── Records to process ──
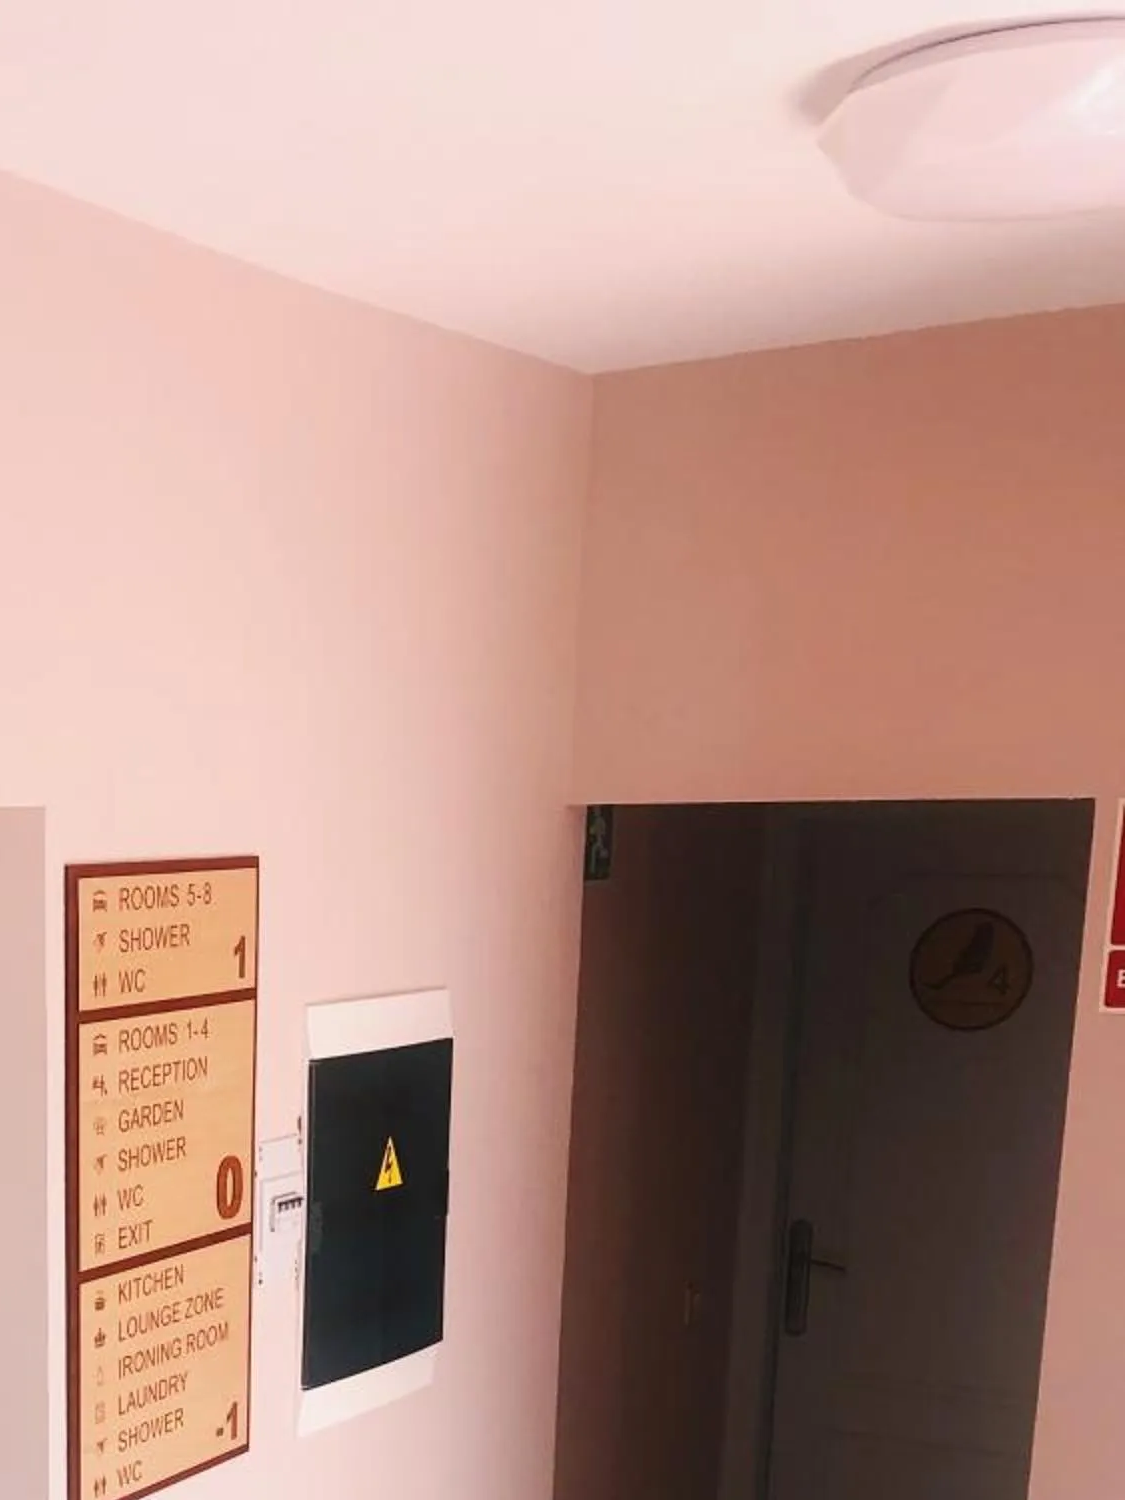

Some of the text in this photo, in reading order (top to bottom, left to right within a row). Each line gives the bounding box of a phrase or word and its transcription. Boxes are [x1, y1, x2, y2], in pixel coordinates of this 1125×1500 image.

[118, 881, 213, 911] ROOMS 5-8
[118, 923, 191, 953] SHOWER
[233, 935, 246, 979] 1
[118, 968, 147, 993] WC
[986, 962, 1013, 995] 4
[118, 1017, 210, 1053] ROOMS 1-4
[118, 1056, 208, 1094] RECEPTION
[118, 1099, 184, 1133] GARDEN
[117, 1136, 187, 1172] SHOWER
[117, 1184, 144, 1211] WC
[216, 1155, 244, 1220] 0
[118, 1219, 153, 1250] EXIT
[118, 1263, 185, 1304] KITCHEN
[118, 1287, 225, 1342] LOUNGE ZONE
[118, 1321, 229, 1380] IRONING ROOM
[118, 1371, 189, 1416] LAUNDRY
[118, 1407, 185, 1452] SHOWER
[216, 1401, 238, 1441] -1
[116, 1459, 143, 1487] WC
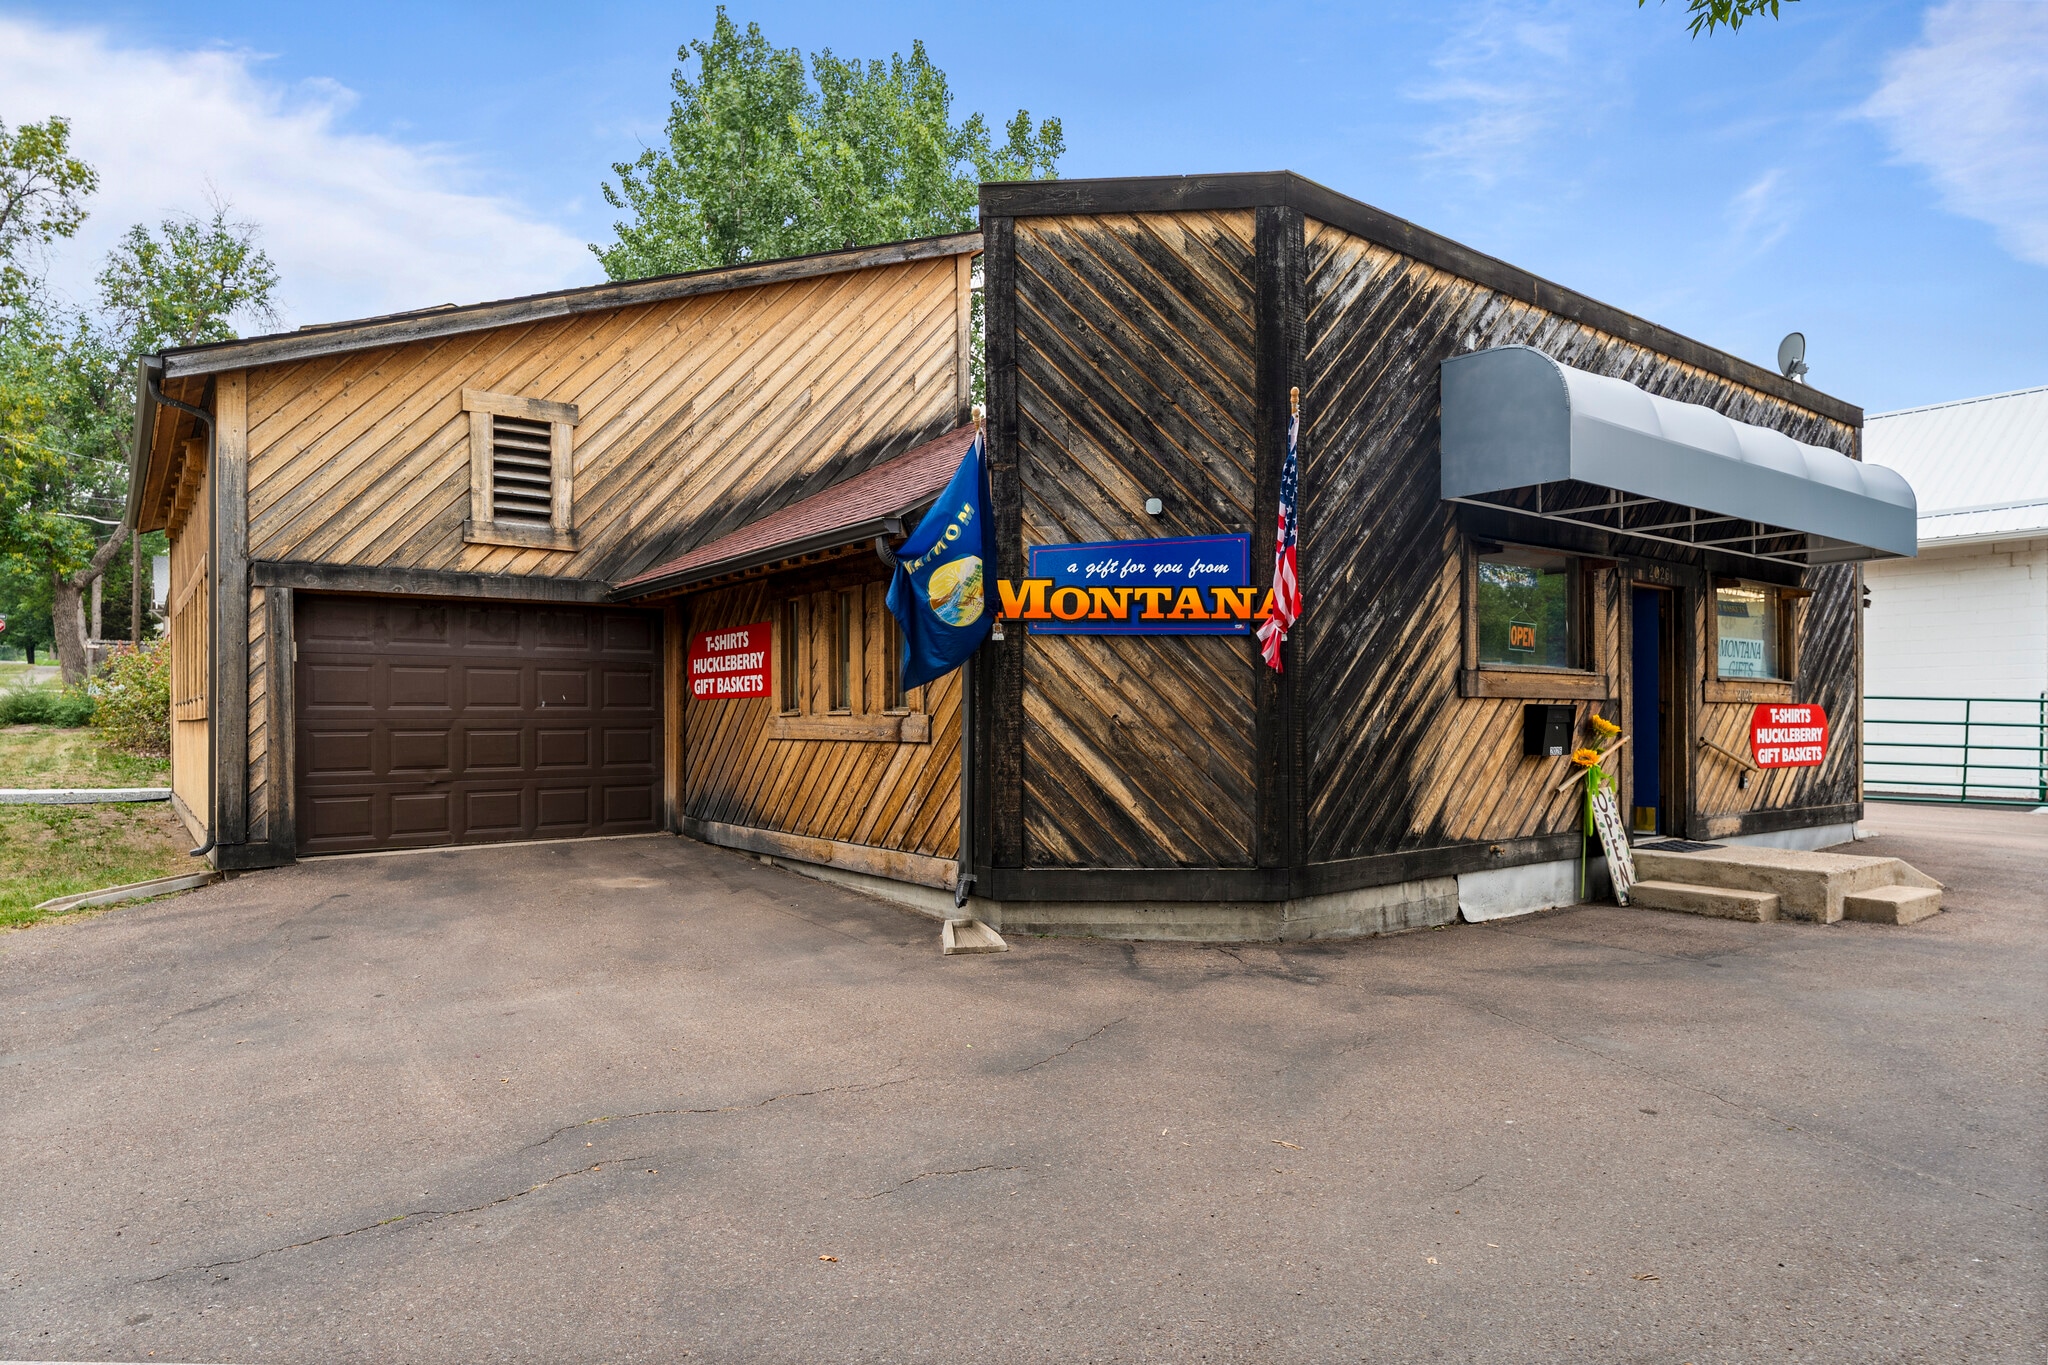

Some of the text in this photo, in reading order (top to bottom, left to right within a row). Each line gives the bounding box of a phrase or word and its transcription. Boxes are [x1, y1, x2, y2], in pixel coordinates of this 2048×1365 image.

[1066, 558, 1230, 579] a gift for you from
[706, 631, 749, 652] T-SHIRTS
[1511, 625, 1535, 648] OPEN
[1719, 639, 1761, 660] MONTANA
[693, 651, 765, 674] HUCKLEBERRY
[1728, 660, 1754, 677] GIFTS
[694, 674, 764, 695] GIFT BASKETS
[1770, 708, 1811, 723] T-SHIRTS
[1756, 727, 1823, 744] HUCKLEBERRY
[1758, 746, 1823, 764] GIFT BASKETS
[1596, 790, 1630, 888] OPEN
───
Please return the full listing exactly as given, with the images left out.

▸ **Written response**
Some of the text in this photo, in reading order (top to bottom, left to right within a row). Each line gives the bounding box of a phrase or word and its transcription. Boxes are [x1, y1, x2, y2], in pixel coordinates of this 1125×1500 image.

[118, 881, 213, 911] ROOMS 5-8
[118, 923, 191, 953] SHOWER
[233, 935, 246, 979] 1
[118, 968, 147, 993] WC
[986, 962, 1013, 995] 4
[118, 1017, 210, 1053] ROOMS 1-4
[118, 1056, 208, 1094] RECEPTION
[118, 1099, 184, 1133] GARDEN
[117, 1136, 187, 1172] SHOWER
[117, 1184, 144, 1211] WC
[216, 1155, 244, 1220] 0
[118, 1219, 153, 1250] EXIT
[118, 1263, 185, 1304] KITCHEN
[118, 1287, 225, 1342] LOUNGE ZONE
[118, 1321, 229, 1380] IRONING ROOM
[118, 1371, 189, 1416] LAUNDRY
[118, 1407, 185, 1452] SHOWER
[216, 1401, 238, 1441] -1
[116, 1459, 143, 1487] WC

Some of the text in this photo, in reading order (top to bottom, left to right within a row). Each line gives the bounding box of a phrase or word and its transcription. Boxes are [x1, y1, x2, y2], in pixel coordinates of this 2048×1365 image.

[1066, 558, 1230, 579] a gift for you from
[706, 631, 749, 652] T-SHIRTS
[1511, 625, 1535, 648] OPEN
[1719, 639, 1761, 660] MONTANA
[693, 651, 765, 674] HUCKLEBERRY
[1728, 660, 1754, 677] GIFTS
[694, 674, 764, 695] GIFT BASKETS
[1770, 708, 1811, 723] T-SHIRTS
[1756, 727, 1823, 744] HUCKLEBERRY
[1758, 746, 1823, 764] GIFT BASKETS
[1596, 790, 1630, 888] OPEN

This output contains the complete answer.